11. The method of claim 10, wherein detecting the presence of text in the target program is performed according to the MPEG-7 standard.

11. The method of claim 10, wherein the identified and extracted text features include text location, text height, text font type, and text color.

12. The method of claim 10, wherein detecting the presence of text in the target program further comprises detecting the presence of text in specific video frames of the target program.

The method of claim 10, wherein generating a genre / sub genre feature vector for the target program comprises:

Comparing a plurality of predetermined genre / sub genre feature vectors for various genre / sub genre types with the text feature vectors for the target program generated in step iii); And

Associating the text feature vectors for the target program with the genre / sub genre feature vectors having the highest similarity;

Defining a collection of genre / sub-genre feature vectors identified in said associating as said genre / sub-genre feature vector for said target program.

The method of claim 1, wherein the plurality of higher order graphical models graphically model specific genre / sub genre types at a program level.

13. The method of claim 12, wherein the transition element of the higher order graphical model may consist of a lower order graphical model, the lower order model comprising program text and timing information.

17. The method of claim 16, wherein the lower order graphical model is modeled as a Petri net.

18. The method of claim 17, wherein the transition elements may be assigned in priority rank order to other transition elements of the higher order model.
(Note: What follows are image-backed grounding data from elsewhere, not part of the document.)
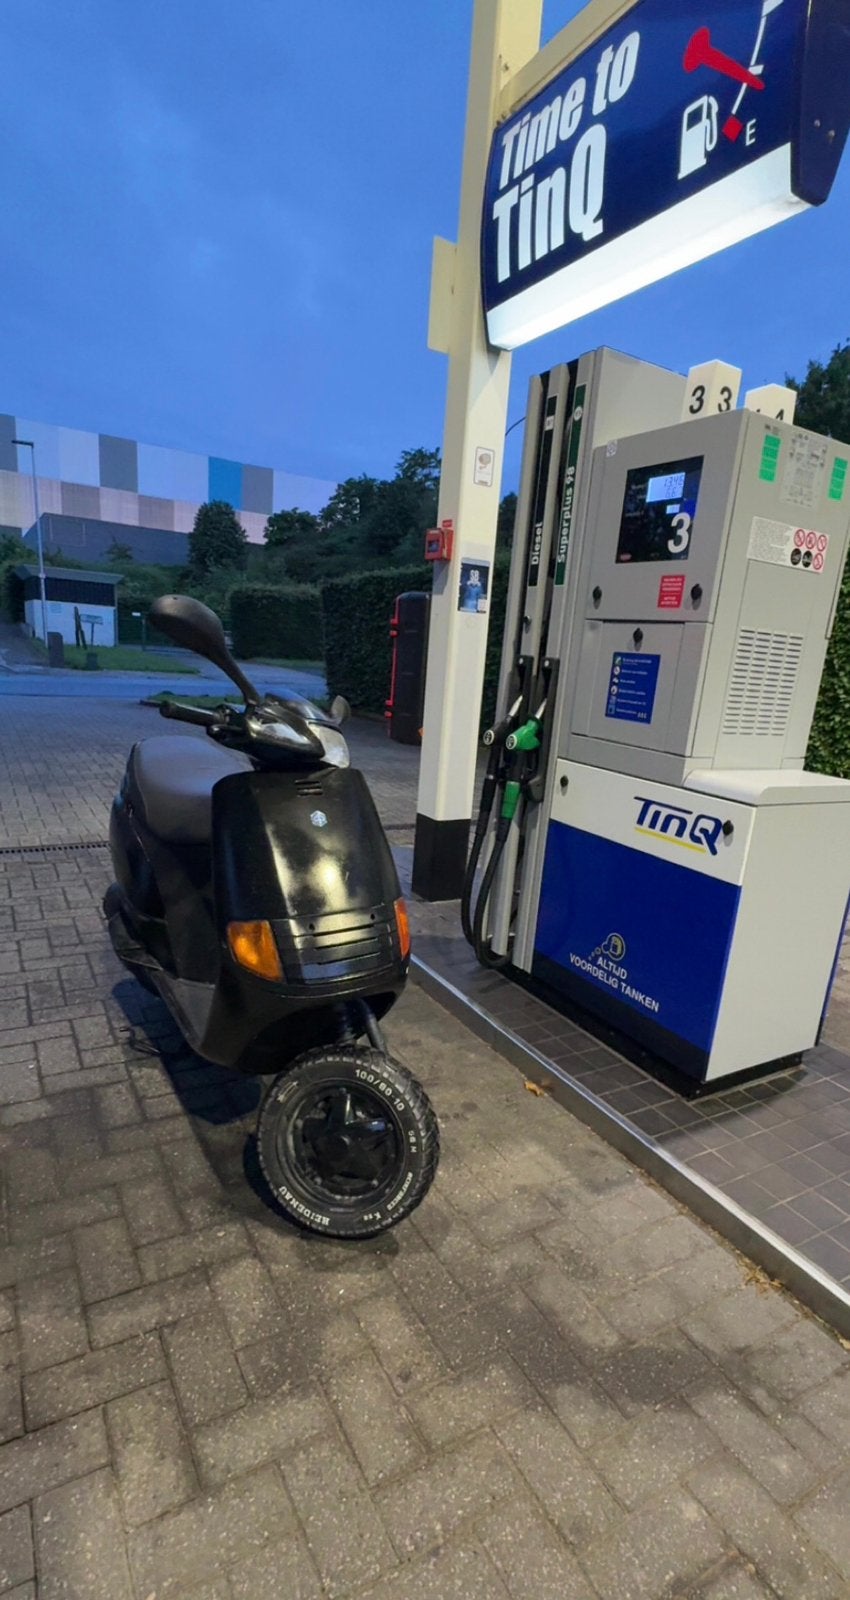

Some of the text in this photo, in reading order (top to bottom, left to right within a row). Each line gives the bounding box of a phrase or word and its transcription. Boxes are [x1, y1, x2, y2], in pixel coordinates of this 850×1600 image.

[499, 31, 640, 191] Time to
[745, 118, 757, 147] E
[493, 123, 607, 284] TinQ
[689, 385, 706, 414] 3
[718, 386, 733, 413] 3
[558, 465, 576, 564] Superplus 98
[667, 512, 692, 554] 3
[530, 521, 543, 566] Diesel
[633, 796, 723, 856] TinQ
[569, 952, 660, 1013] VOORDELIG TANKEN
[596, 956, 628, 980] ALTIJD
[279, 1185, 331, 1226] HEIDENAU
The method of claim 1, wherein generating genre feature vector clusters data for the target program is performed according to an unsupervised clustering algorithm.

20. The method of claim 19, wherein the unmanaged clustering algorithm is based on a distance metric comparing with corresponding text features.
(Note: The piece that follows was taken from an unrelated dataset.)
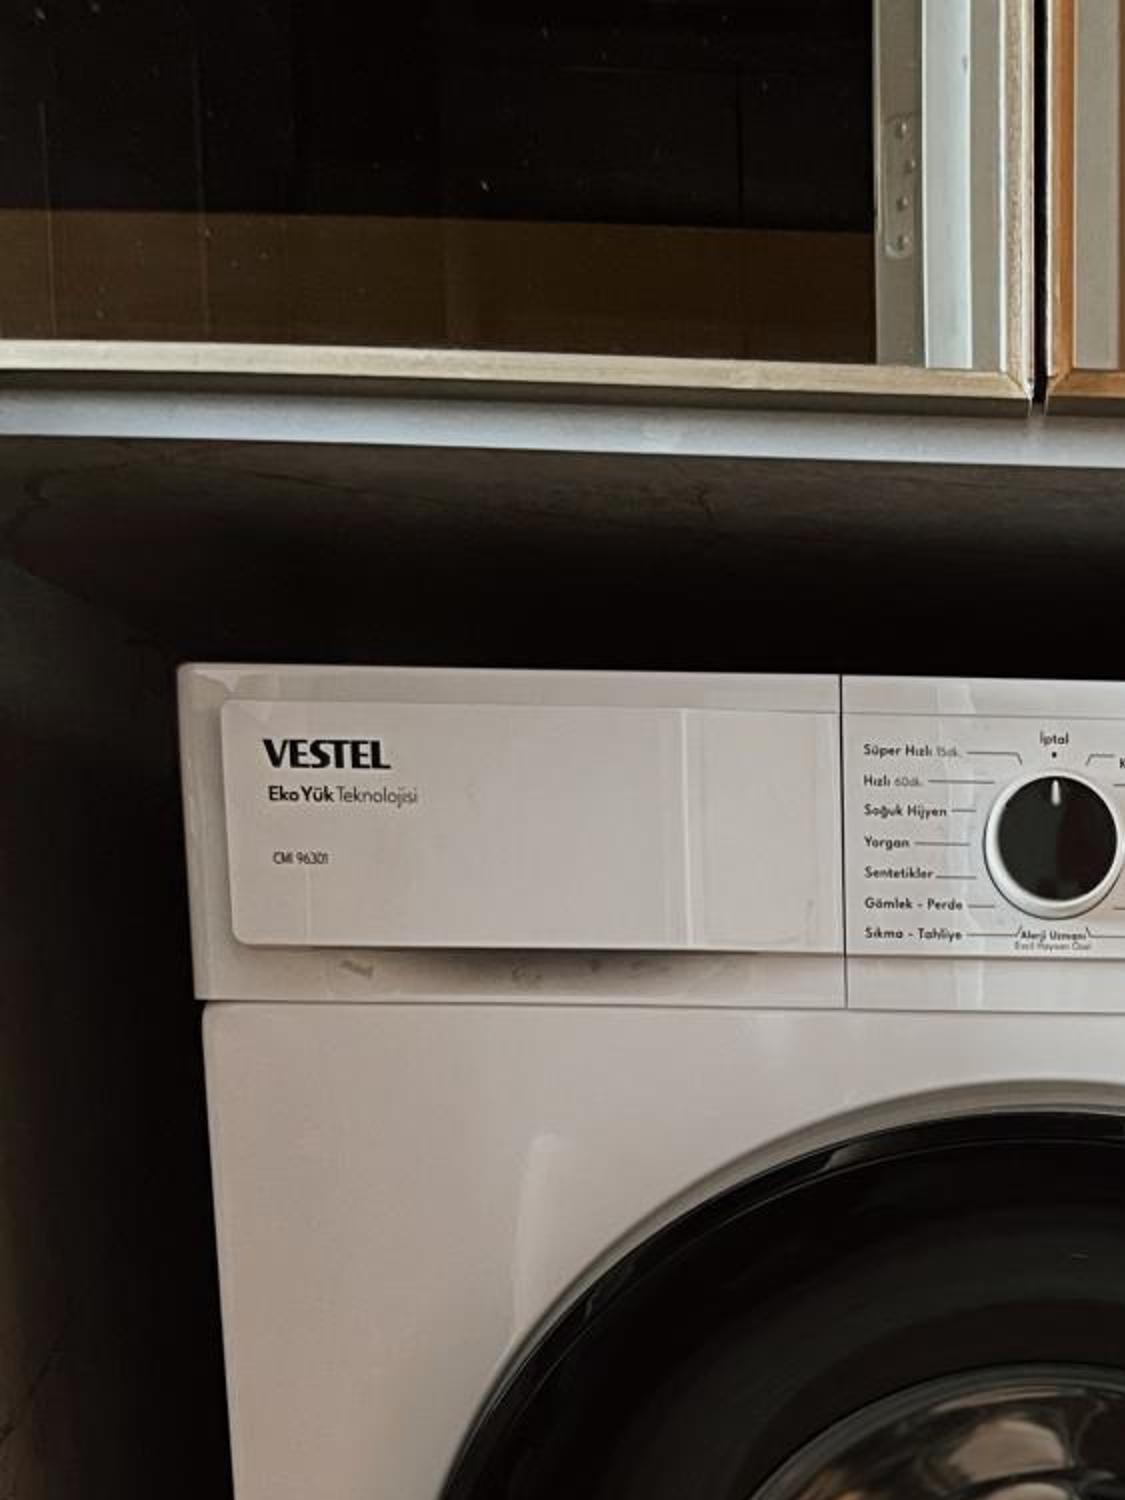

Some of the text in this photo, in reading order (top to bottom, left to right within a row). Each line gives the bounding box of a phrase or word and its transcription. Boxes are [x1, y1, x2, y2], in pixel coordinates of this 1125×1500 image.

The method of claim 20, wherein the distance metric is

Dist (F _V1 , F _V2 ) = w1 * (| F _V1row -F _V2row | + | F _V1col -F _V2col |) +

w2 * (| F _V1h -F _V2h | +

w3 * (| F _V1f -F _V2f | + | F _V1g -F _V2g | + | F _V1b -F _V2b |) +

w4 * (FontDist (f1, f2))

Calculated as

here,

F _V1row , F _V2row = first and second feature vector row positions,

F _V1col , F _V2col = first and second feature vector column positions,

F _V1h , F _V2h = first and second feature vector heights,

F _V1f , F _V1g , F _V1b = first feature vector color (r, g, b),

F _V2f , F _V2g , F _V2b = second feature vector color (r, g, b),

f1 = font type of the first feature vector,

f2 = font type of the second feature vector

FontDist (a, b) = A method for recovering a high level structure of a target program, which is a precomputed distance between multiple font types.
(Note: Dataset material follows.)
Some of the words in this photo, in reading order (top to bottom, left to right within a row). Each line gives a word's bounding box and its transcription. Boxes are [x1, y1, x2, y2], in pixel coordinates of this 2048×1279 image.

A system for restoring a high level structure of a target program, the system comprising a memory for storing computer readable code, a database for storing a plurality of higher order petri nets, and a processor operatively coupled to the memory; Generates text detection data for the target program, generates genre / subgenre feature vectors for the target program using the text detection data, generates a plurality of higher order graphical models, and generates the target program cluster distribution data. Identify a subset of the higher order graphical models, and use the target program text detection data to identify a single higher order graphical model from the subset of models, the single higher order graphical model , The high level structure of the recovery system of the target program corresponding to the high-level structure of a program table.